Things can surely only get better as the Chinese Year of the Ox gives way (on 1 February) to the Year of the Tiger. While last year’s symbol was a beast of burden lumbering towards recovery, this year’s is a big cat poised to spring forward. Let’s hope.

But if one of the keys to higher growth and the quelling of price surges is a return to normality in global shipping, and particularly in flows of goods from China, don’t hold your breath. With the traditional Chinese New Year factory slowdown looming on top of recent Omicron outbreaks in ports such as Ningbo, Dalian and Tianjin, delays are said to be as bad as they were last year. From cars to smartphones to plastic toys, everything’s stuck at the docks — and container prices, having doubled last year but eased a little in the autumn, are on the rise again.

So relief from inflation is unlikely to arrive soon in the form of an easing of physical supply to meet increased post-pandemic demand — and we know for sure it’s not coming in energy prices, which even Governor Bailey of the Bank of England has predicted won’t fall back until late next year. That leaves us all the more at the mercy of Bailey himself and his fellow central bankers, dithering over when to deploy the anti-inflationary tool of higher interest rates. I don’t want to sound too gloomy, but I can’t find much hope in the fact that 2023 will be the Year of the Rabbit.

Stressful week

Cliché says a week is a long time in politics, but it must feel even longer in the boardroom of Unilever, the much-troubled Marmite-to-mayonnaise conglomerate. It’s barely more than seven days since chief executive Alan Jope launched a bold bid for the consumer products arm of GlaxoSmithKline, only to find himself showered with scorn by some of his own major shareholders as well as the media.

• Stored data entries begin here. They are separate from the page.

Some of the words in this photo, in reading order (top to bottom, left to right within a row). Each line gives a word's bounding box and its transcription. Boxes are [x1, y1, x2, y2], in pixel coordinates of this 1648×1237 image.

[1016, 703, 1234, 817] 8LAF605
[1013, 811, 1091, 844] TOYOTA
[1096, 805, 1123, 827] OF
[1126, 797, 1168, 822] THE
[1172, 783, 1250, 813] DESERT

Then news broke that the veteran New York activist investor Nelson Peltz has been building up a stake in Unilever with a view to demanding radical strategic change. Now the FT tells us ‘Unilever is planning to cut thousands of management jobs as it accelerates a push towards sales growth… under increasing pressure from investors’. And the Mail on Sunday says Jope’s job is ‘hanging by a thread’ while ‘private equity firms, said to include KKR, are circling Unilever with a view to picking off parts’.

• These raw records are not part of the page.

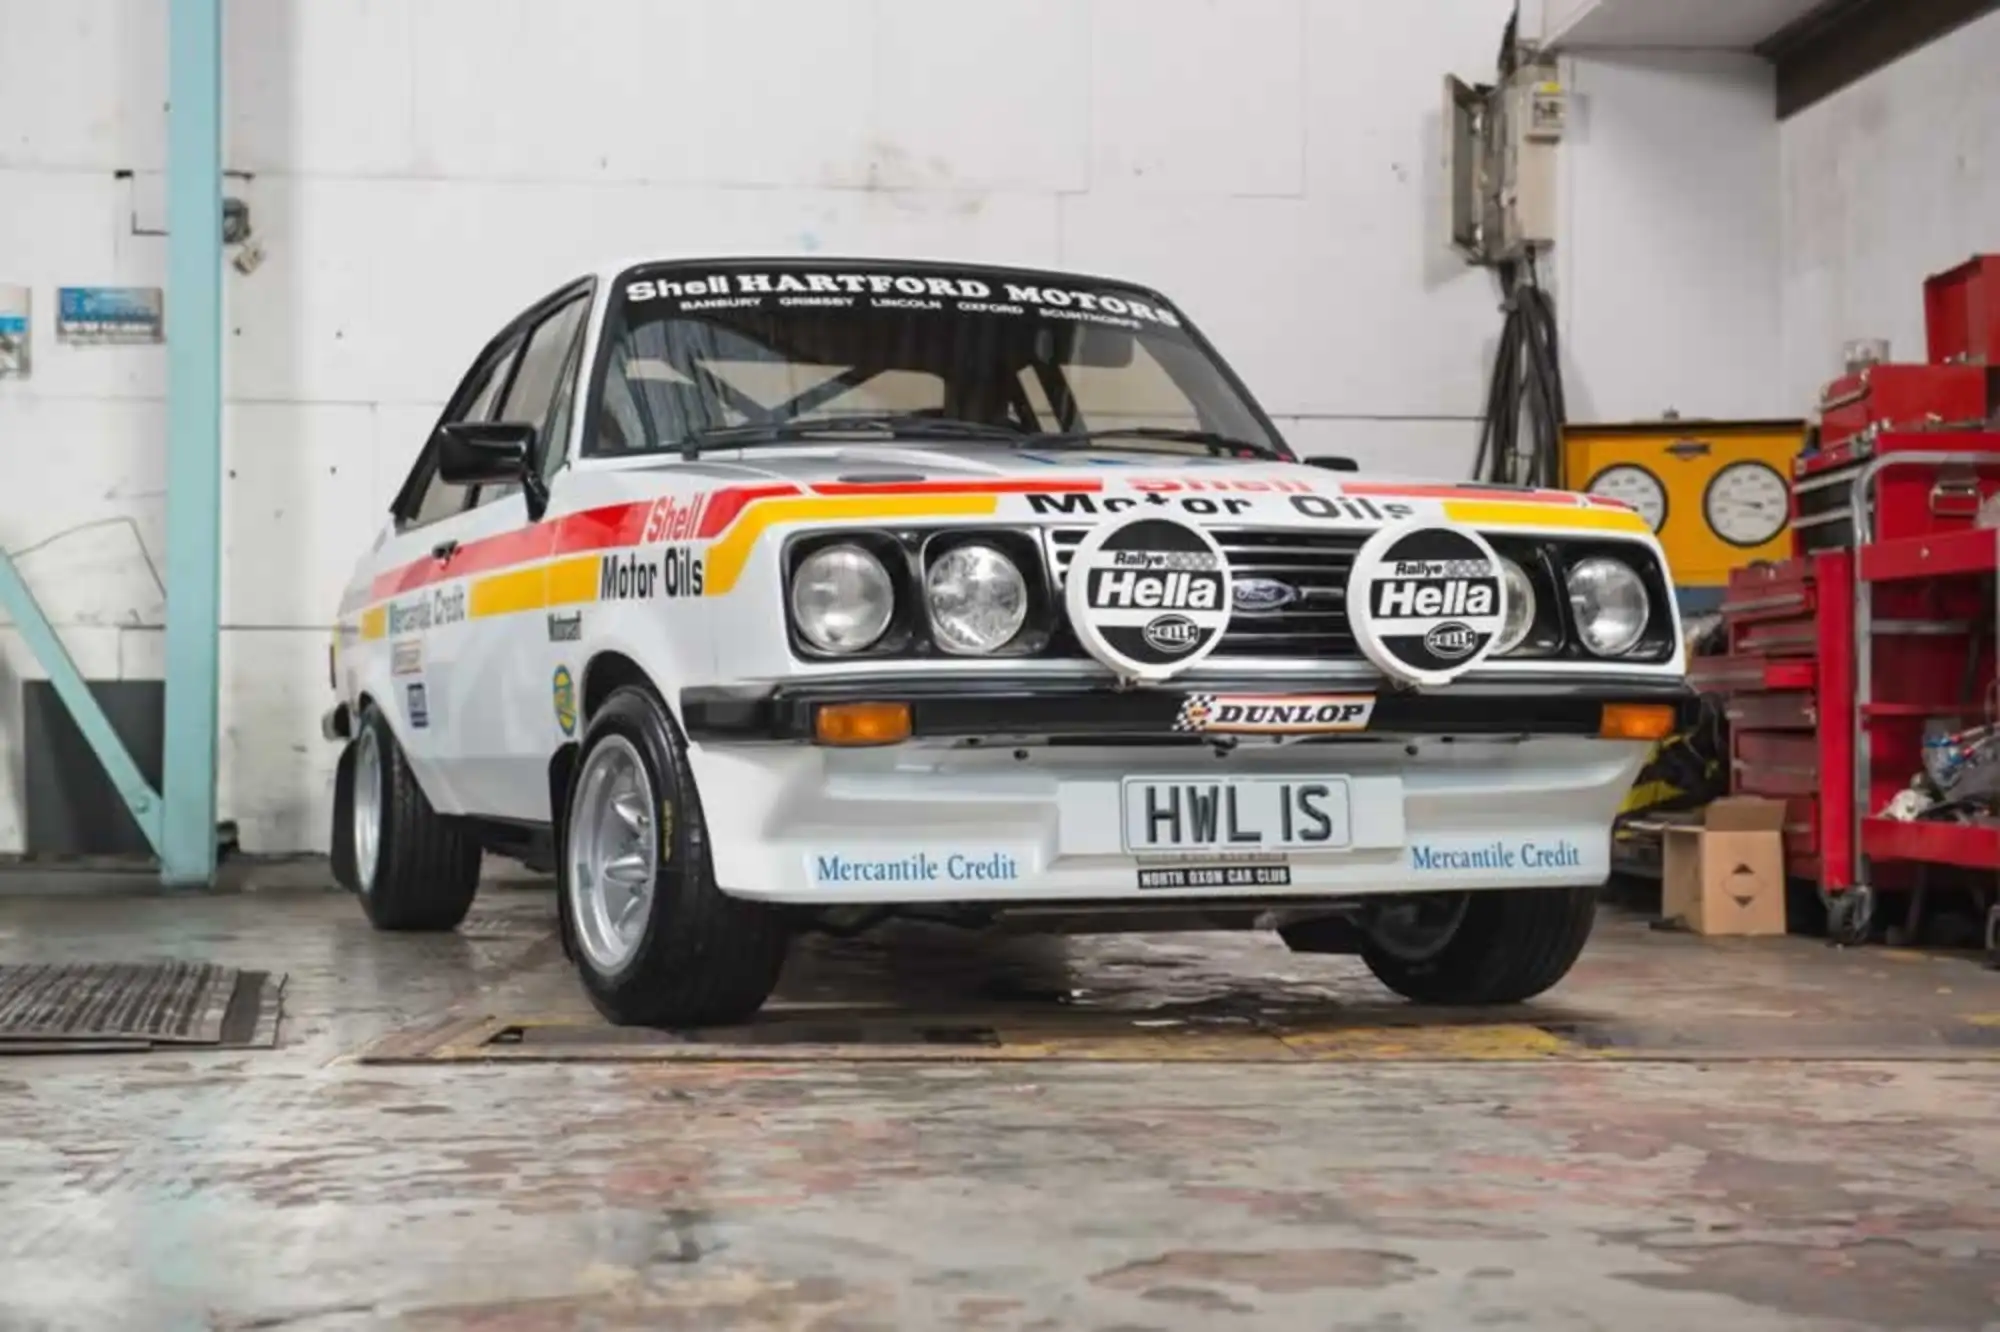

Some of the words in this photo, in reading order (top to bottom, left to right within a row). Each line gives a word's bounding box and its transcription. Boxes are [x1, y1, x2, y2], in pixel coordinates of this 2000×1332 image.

[626, 274, 730, 302] Shell
[736, 273, 990, 299] HARTFORD
[1003, 283, 1180, 327] MOTORS
[680, 297, 762, 311] BANBURY
[779, 296, 854, 307] GRIMSBY
[870, 297, 942, 309] LINCOLN
[957, 301, 1024, 314] OXFORD
[1125, 476, 1314, 492] Shell
[646, 493, 705, 543] Shell
[601, 551, 657, 601] Motor
[665, 546, 703, 598] Oils
[1114, 551, 1164, 569] Rallye
[1395, 560, 1443, 576] Rallye
[1096, 571, 1217, 608] Hella
[1379, 580, 1492, 616] Hella
[1215, 704, 1364, 723] DUNLOP
[1146, 785, 1262, 843] HWL
[817, 852, 938, 881] Mercantile
[947, 852, 1018, 880] Credit
[1411, 841, 1515, 869] Mercantile
[1521, 839, 1581, 868] Credit
[1141, 870, 1185, 887] NORTH
[1188, 869, 1223, 885] OXON
[1227, 868, 1253, 883] CAR
[1257, 868, 1288, 883] CLUB

Jope must surely dream of moving to a less stressful line of work. Perhaps he could become business adviser to Boris Johnson in Downing Street.

Perfect silence

At least one spin doctor in that district has been earning his keep lately: whoever armed Transport Secretary Grant Shapps with the phrase ‘bonfire of the banalities’ to describe his plan to minimise irritating and repetitive announcements on trains.

The rail industry is still at a low ebb with relatively few passengers, high staff Covid absences, reduced services on most lines and yet another failing operator, Govia Thameslink, about to be nationalised. But as a weekly York-to-London commuter, I can attest that — with a decent picnic and a good book or an absorbing project on the laptop — it’s still by far the most civilised way to travel around the UK. Add to that the sound of silence from the Tannoy system and it will be perfect bliss.